2.     Interestingly John never once refers to our Lord’s mother as “Mary.”   She is referred to as “Woman” (2:4; cf. 19:26).

3.     The purpose of John’s Gospel is to exalt Christ, not Mary.

4.     There is symbolism here in this passage.  In fact, there is much symbolism in the Gospel of John (cf. 2:19-21).

5.     The “water-pots of stone” (2:6) represent the dry (they were empty) dead religious system that the Jews were trapped in.  Our Lord had something much better for them (cf. 2:6-11).

6.     The phrase, “after the manner of the purifying of the Jews” reminds us of their ritualism. Religion without Christ is nothing but a dead ritual.  It is still the same way today.

7.     The Passover had degenerated into “the Jews’ Passover” (2:13).  It used to be the Lord’s Passover, but not any longer (cf. 7:2).

8.     There are many people trapped in a dead religion that cannot help them, cannot change them, and cannot save them. This is because only Jesus can save them.  

9.     Mary said, “Whatsoever He saith unto you, do it” (2:5).  Jesus says, “Ye must be born again” (John 3:7).

10.The ruler of the feast said to the bridegroom, “Every man at the beginning doth set forth good wine; and when men have well drunk, then that which is worse: but thou hast kept the good wine until now” (John 2:10).

11.That is the way the world operates – they will give you their best up front but eventually you will be down to the bitter dregs at the bottom.

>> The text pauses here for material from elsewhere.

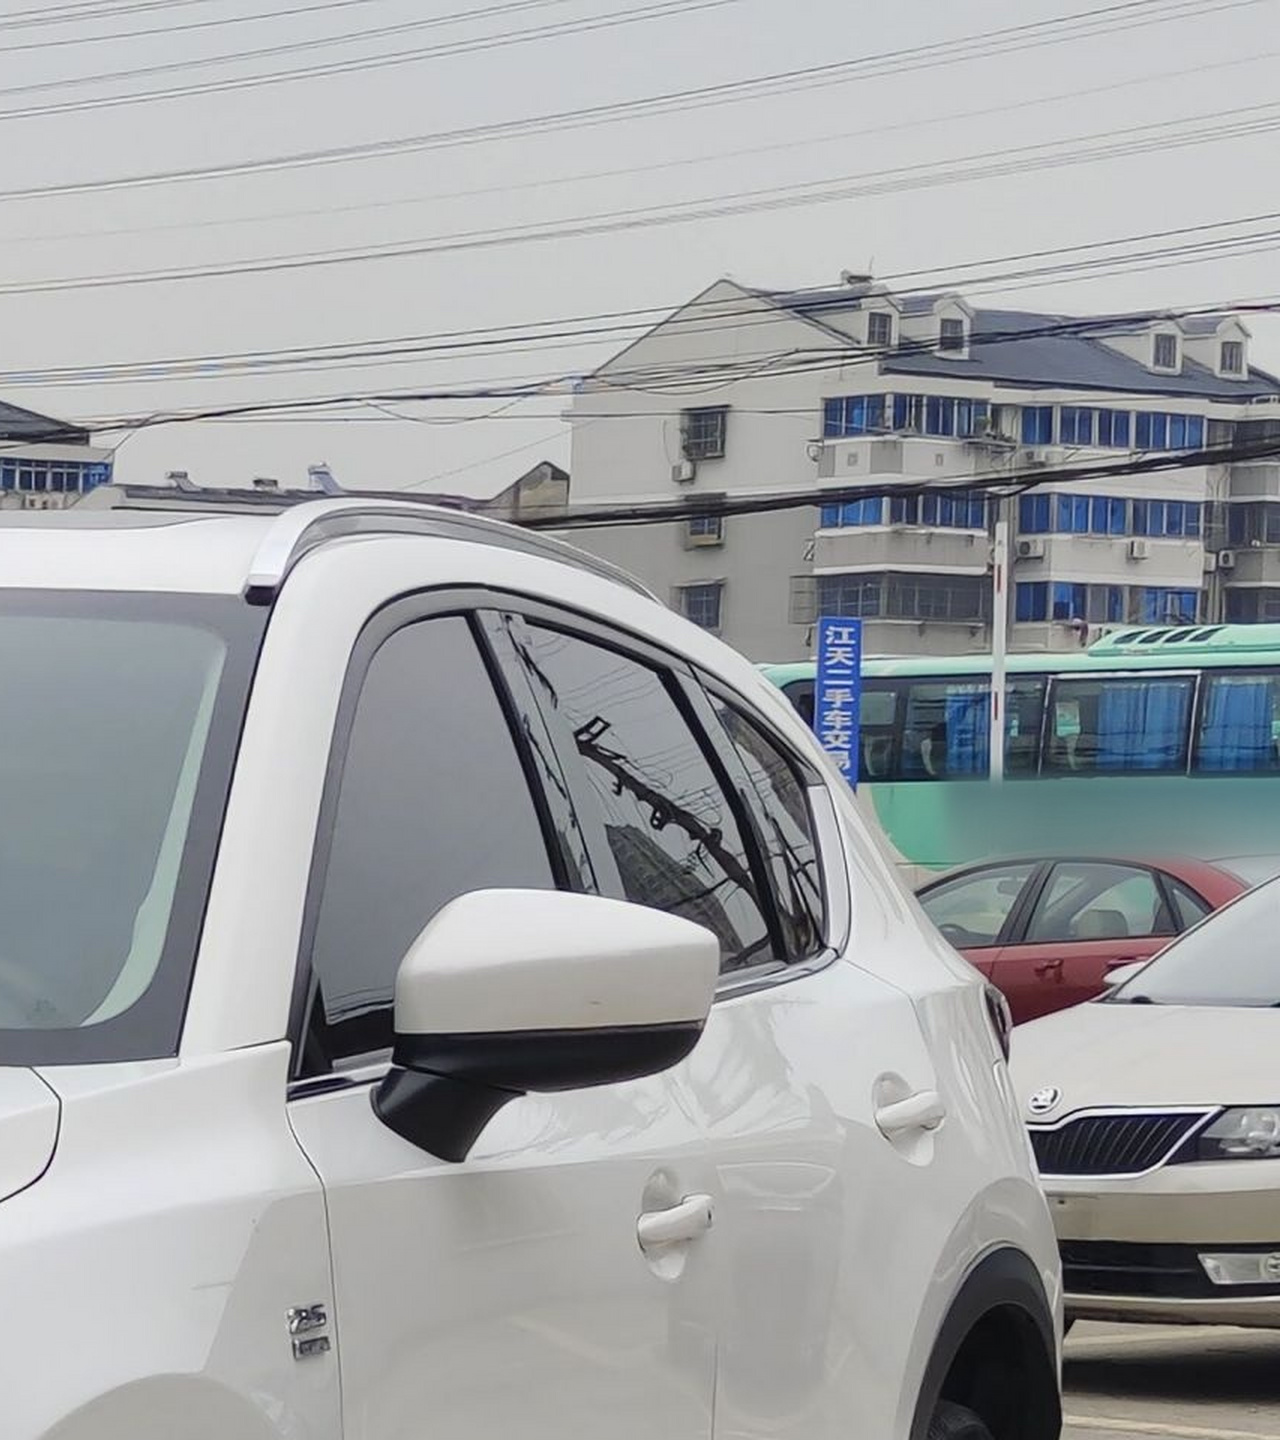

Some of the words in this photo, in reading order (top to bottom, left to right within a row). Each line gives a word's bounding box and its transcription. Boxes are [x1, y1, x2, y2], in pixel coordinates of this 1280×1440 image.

12.Such is the world. First the pleasures of sin, but then the wages of sin; gold at the top, but clay at the bottom; riotous living and then eating slop with the swine; fleshpots in Egypt, but chains of bondage.

13.But when you call on Jesus, He will save the best for later on (eternity in heaven).



1.     Moses’ first miracle was a plague – he turned the water into blood (Ex. 7:19ff).  This speaks of the judgment of God.

2.     But our Lord’s first miracle was turning the water into wine – this speaks of grace (cf. John 1:17).